There are two areas I would immediately address as the next District Attorney. The first issue is collaboration and outreach. During my time as a prosecutor handling every type of criminal case, I have learned that the work of the District Attorney’s office is most effective when we leverage the resources we have in our community to reach appropriate outcomes. For example, when I led the effort from the District Attorney’s Office to reestablish Denver’s Drug Court, I knew that we would never succeed if we did not engage treatment providers, mental health experts, housing advocates and other agencies to give all defendants the tools to address their addiction issues, which are at the root of so many criminal activities. As District Attorney, I will expand the reach of our office into every community in Denver and invite partnerships with those best-equipped to assist victims and defendants alike. Jail and prison sentences are appropriate for violent and high-risk offenders, but they cannot be the default sentence for every case. The second issue is the treatment of law enforcement officers. I have spent my career working with outstanding professionals in the field of law enforcement. I know these professionals want to work with my office to regain the trust of many community members who perceive that the District Attorney’s office is unwilling to charge officers who violate the law. A badge cannot be a shield to justice. As District Attorney, I will work to further expand what information is available to interested parties and to establish a charging decision protocol so that charging decisions are made by a specialized team.

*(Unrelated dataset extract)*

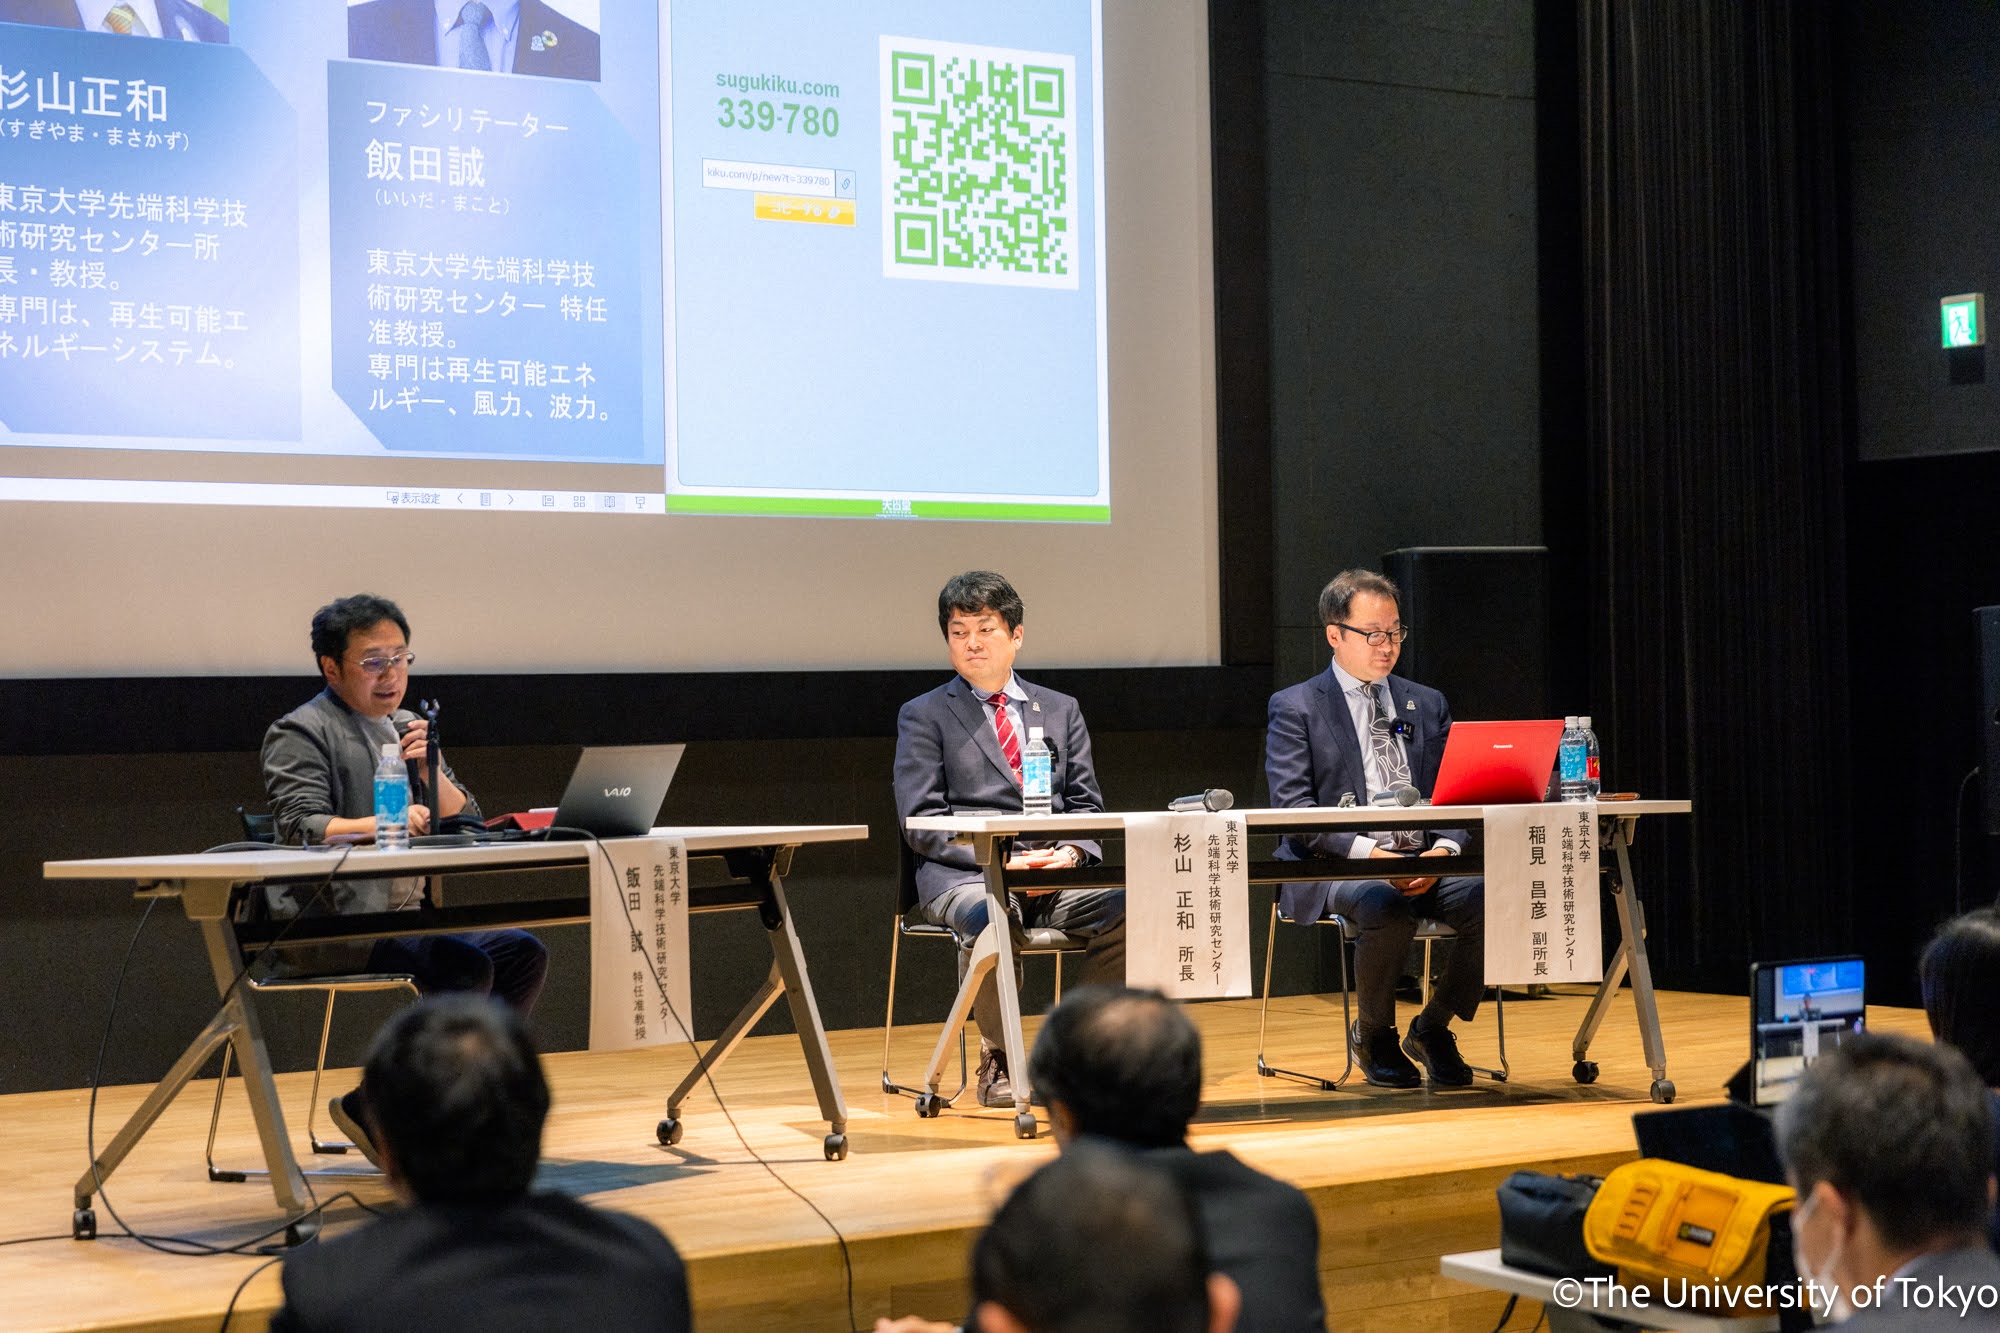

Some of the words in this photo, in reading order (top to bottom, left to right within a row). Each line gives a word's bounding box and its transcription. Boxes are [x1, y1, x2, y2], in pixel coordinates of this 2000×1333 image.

3. What sets you apart from the other candidates?

I am a career prosecutor, not a politician. I am running as an independent candidate because electing the next District Attorney should not be about right and left: It should be about right and wrong. No other candidate comes close to having my wide range of professional experience, which encompasses achievements such as leading a multiagency statewide team in a five-year prosecution of a white supremacist prison gang to establishing problem-solving courts to address issues including drug and alcohol abuse. Finally, no other candidate has spent over two decades nurturing the professional relationships I have with victims, victims’ rights groups, the police department, the sheriff’s department, the criminal defense bar, probation and a host of other community groups so that when I am elected we can immediately begin the work of improving the way we prosecute criminal cases in Denver.

Previously posted on The Docket.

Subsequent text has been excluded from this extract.